Problem :: Restate every line of the data word for word, except for the images.

── Given entries ──

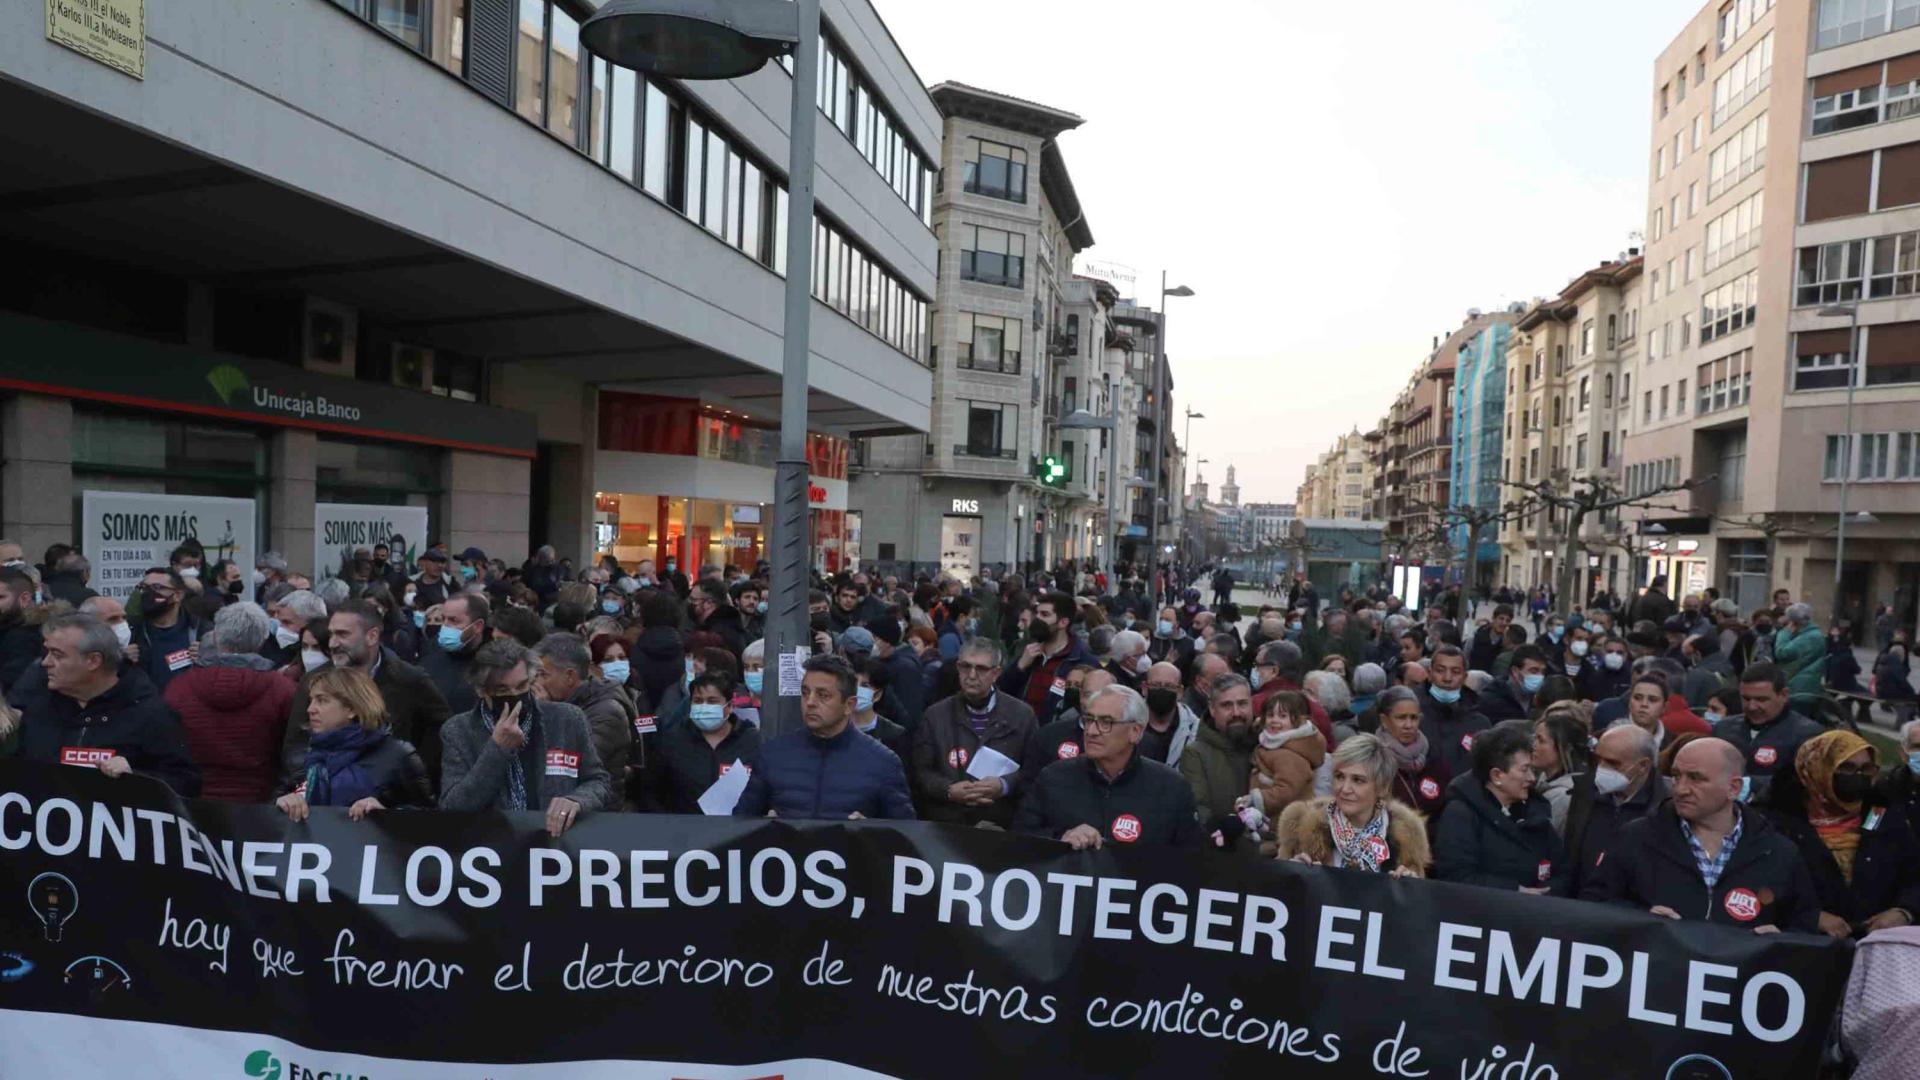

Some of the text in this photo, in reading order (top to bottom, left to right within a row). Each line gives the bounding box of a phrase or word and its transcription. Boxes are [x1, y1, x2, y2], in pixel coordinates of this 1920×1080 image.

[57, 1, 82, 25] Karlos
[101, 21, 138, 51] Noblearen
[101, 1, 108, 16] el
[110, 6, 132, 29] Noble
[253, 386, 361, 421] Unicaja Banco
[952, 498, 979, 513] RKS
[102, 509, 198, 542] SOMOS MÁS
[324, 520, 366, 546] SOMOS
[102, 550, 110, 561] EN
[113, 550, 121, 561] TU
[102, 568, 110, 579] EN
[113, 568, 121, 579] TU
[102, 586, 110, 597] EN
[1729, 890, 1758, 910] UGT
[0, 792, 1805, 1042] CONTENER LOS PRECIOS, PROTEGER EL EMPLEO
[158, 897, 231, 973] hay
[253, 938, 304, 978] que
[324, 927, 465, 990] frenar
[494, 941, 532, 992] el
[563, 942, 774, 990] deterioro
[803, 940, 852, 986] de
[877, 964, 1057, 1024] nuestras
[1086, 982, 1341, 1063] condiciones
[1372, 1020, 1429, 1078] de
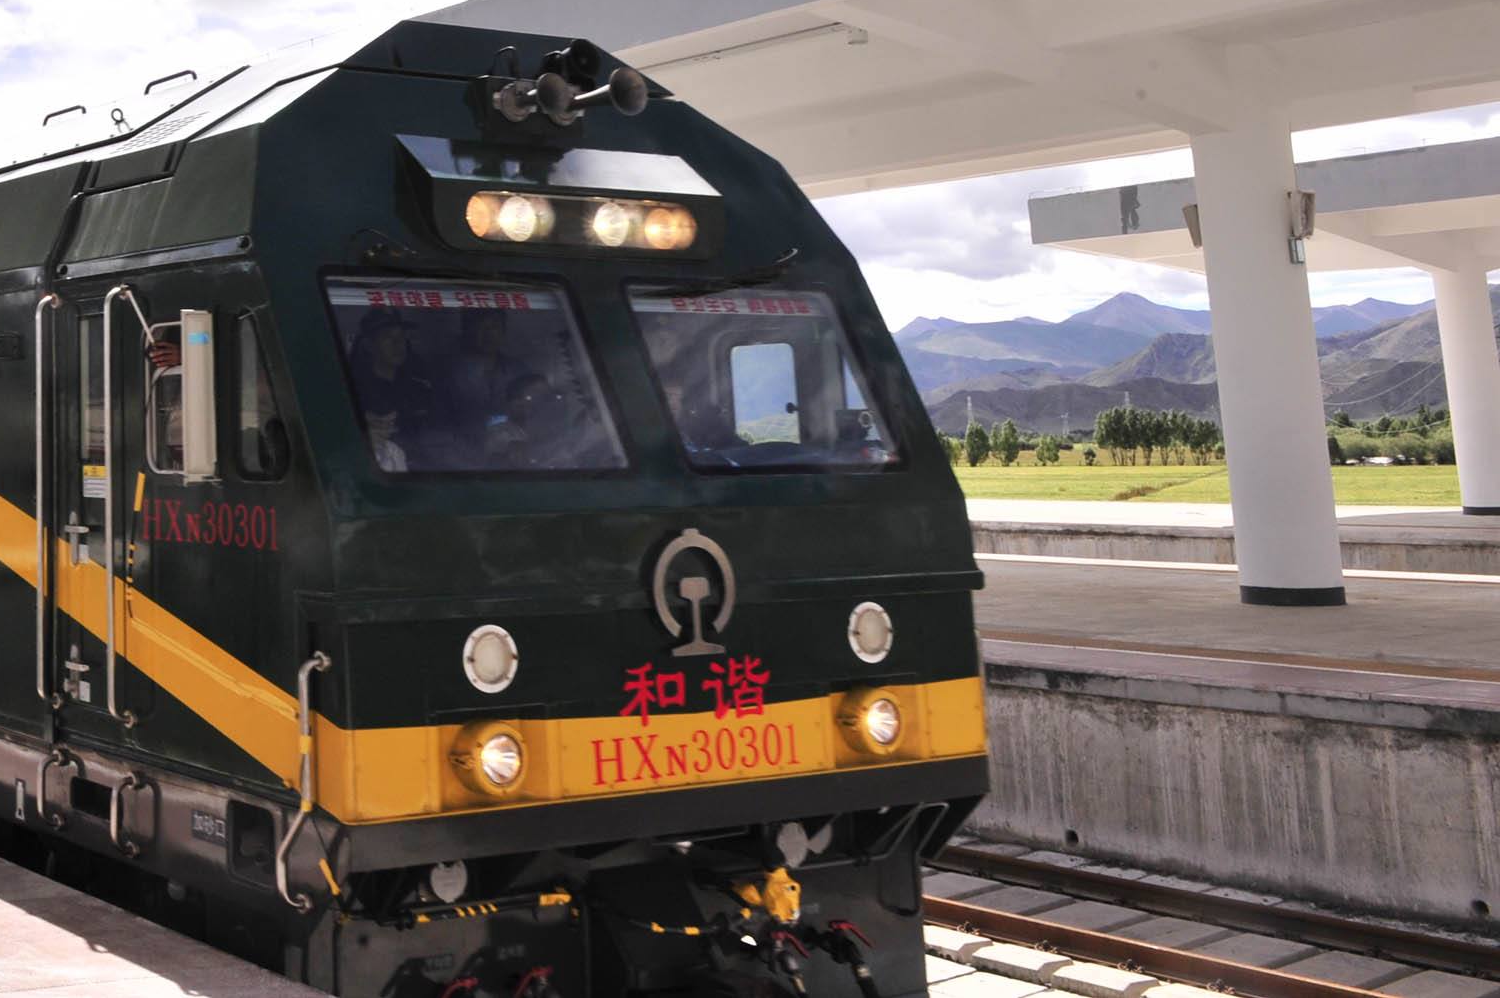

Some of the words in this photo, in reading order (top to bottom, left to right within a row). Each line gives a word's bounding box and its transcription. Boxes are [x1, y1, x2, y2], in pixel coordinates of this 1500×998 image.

───

Task result ::
Some of the text in this photo, in reading order (top to bottom, left to right within a row). Each line gives the bounding box of a phrase or word and its transcription. Boxes are [x1, y1, x2, y2], in pixel coordinates of this 1920×1080 image.

[57, 1, 82, 25] Karlos
[101, 21, 138, 51] Noblearen
[101, 1, 108, 16] el
[110, 6, 132, 29] Noble
[253, 386, 361, 421] Unicaja Banco
[952, 498, 979, 513] RKS
[102, 509, 198, 542] SOMOS MÁS
[324, 520, 366, 546] SOMOS
[102, 550, 110, 561] EN
[113, 550, 121, 561] TU
[102, 568, 110, 579] EN
[113, 568, 121, 579] TU
[102, 586, 110, 597] EN
[1729, 890, 1758, 910] UGT
[0, 792, 1805, 1042] CONTENER LOS PRECIOS, PROTEGER EL EMPLEO
[158, 897, 231, 973] hay
[253, 938, 304, 978] que
[324, 927, 465, 990] frenar
[494, 941, 532, 992] el
[563, 942, 774, 990] deterioro
[803, 940, 852, 986] de
[877, 964, 1057, 1024] nuestras
[1086, 982, 1341, 1063] condiciones
[1372, 1020, 1429, 1078] de

Some of the words in this photo, in reading order (top to bottom, left to right within a row). Each line gives a word's bounding box and its transcription. Boxes are [x1, y1, x2, y2], in pixel coordinates of this 1500×998 image.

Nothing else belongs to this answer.